→ WORK TO COMPLETE: Set down every entry exactly as given. Pictures are to be left out.

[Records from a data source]
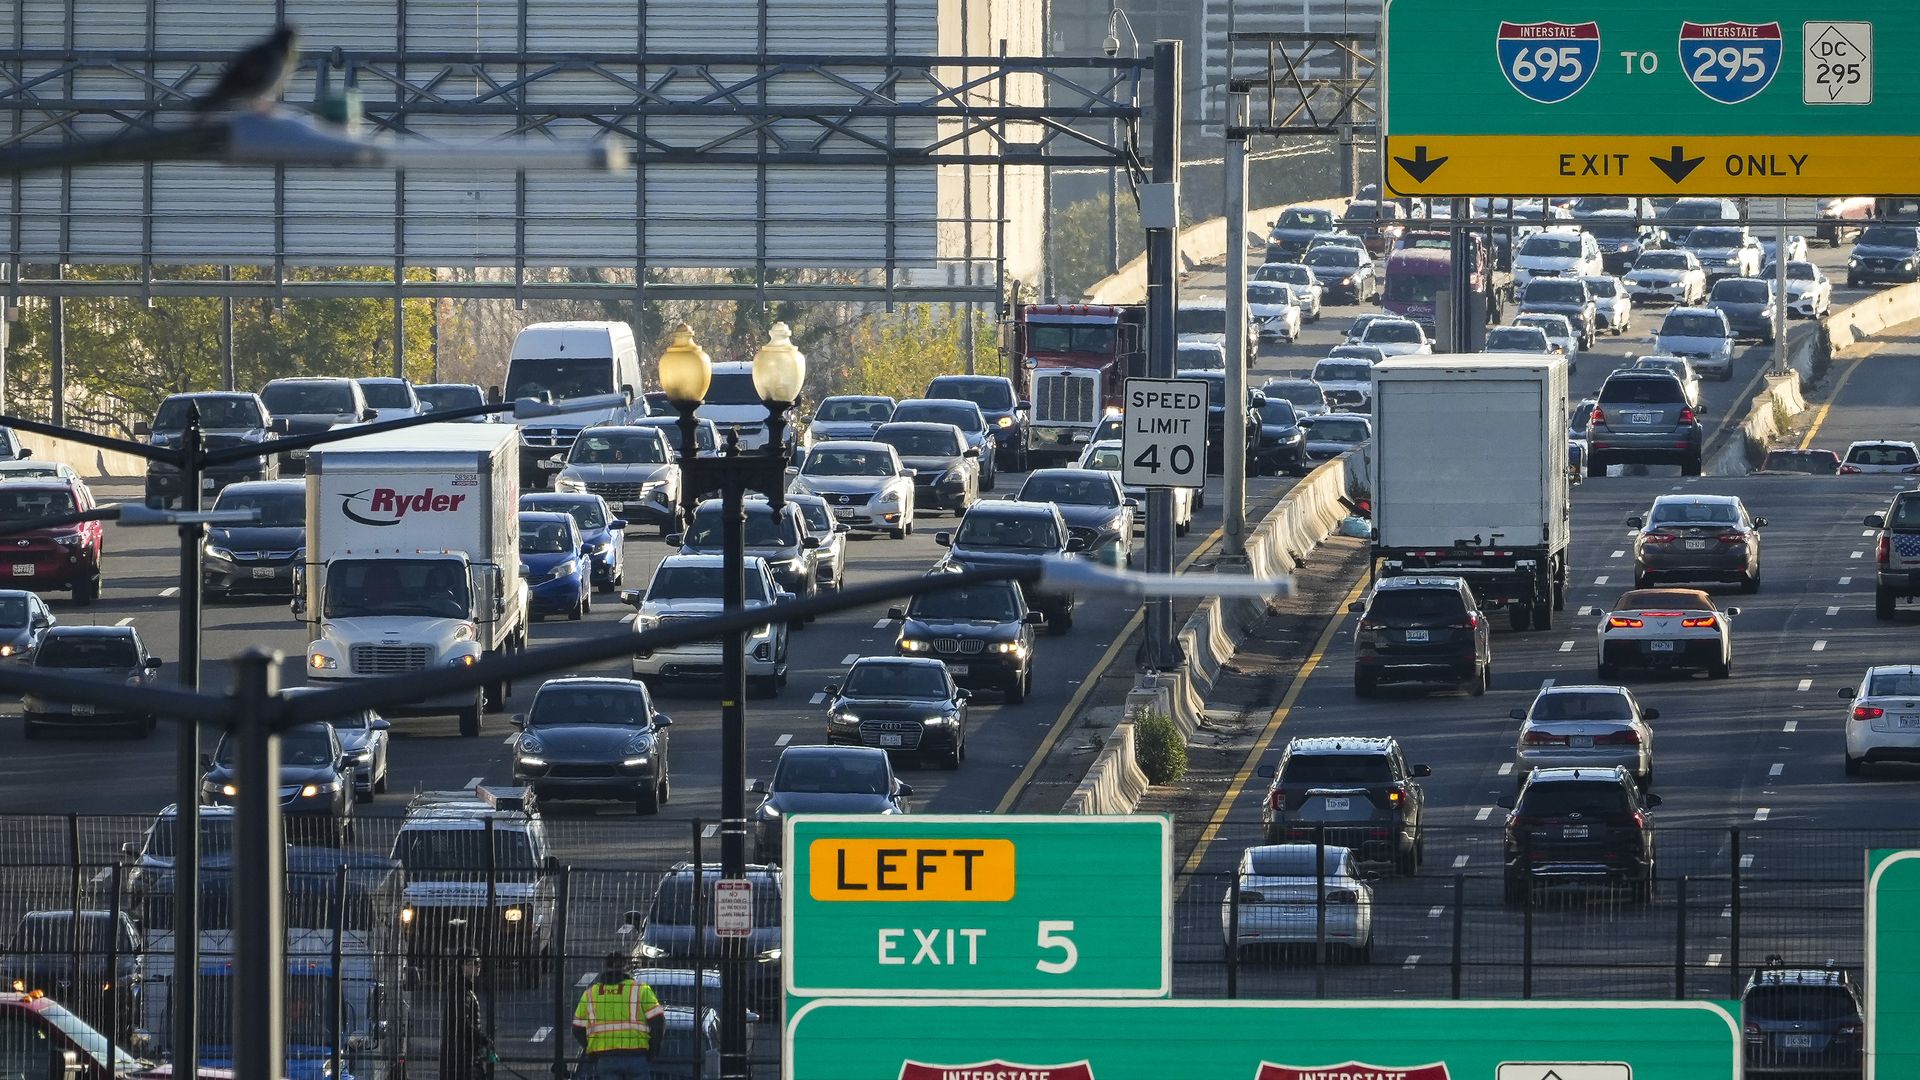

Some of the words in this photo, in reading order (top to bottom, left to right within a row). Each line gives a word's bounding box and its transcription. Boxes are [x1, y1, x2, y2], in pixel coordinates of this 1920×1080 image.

[1520, 27, 1576, 37] INTERSTATE
[1702, 27, 1758, 37] INTERSTATE
[1821, 41, 1847, 57] DC
[1512, 47, 1582, 82] 695
[1620, 51, 1658, 74] TO
[1693, 47, 1766, 82] 295
[1816, 63, 1861, 84] 295
[1559, 154, 1629, 176] EXIT
[1725, 154, 1808, 176] ONLY
[1132, 391, 1200, 409] SPEED
[1137, 417, 1191, 434] LIMIT
[1133, 444, 1195, 475] 40
[371, 488, 465, 518] Ryder
[837, 848, 984, 891] LEFT
[878, 928, 987, 965] EXIT
[1035, 920, 1079, 974] 5

→ SOLUTION TO THIS PROBLEM:
Some of the words in this photo, in reading order (top to bottom, left to right within a row). Each line gives a word's bounding box and its transcription. Boxes are [x1, y1, x2, y2], in pixel coordinates of this 1920×1080 image.

[1520, 27, 1576, 37] INTERSTATE
[1702, 27, 1758, 37] INTERSTATE
[1821, 41, 1847, 57] DC
[1512, 47, 1582, 82] 695
[1620, 51, 1658, 74] TO
[1693, 47, 1766, 82] 295
[1816, 63, 1861, 84] 295
[1559, 154, 1629, 176] EXIT
[1725, 154, 1808, 176] ONLY
[1132, 391, 1200, 409] SPEED
[1137, 417, 1191, 434] LIMIT
[1133, 444, 1195, 475] 40
[371, 488, 465, 518] Ryder
[837, 848, 984, 891] LEFT
[878, 928, 987, 965] EXIT
[1035, 920, 1079, 974] 5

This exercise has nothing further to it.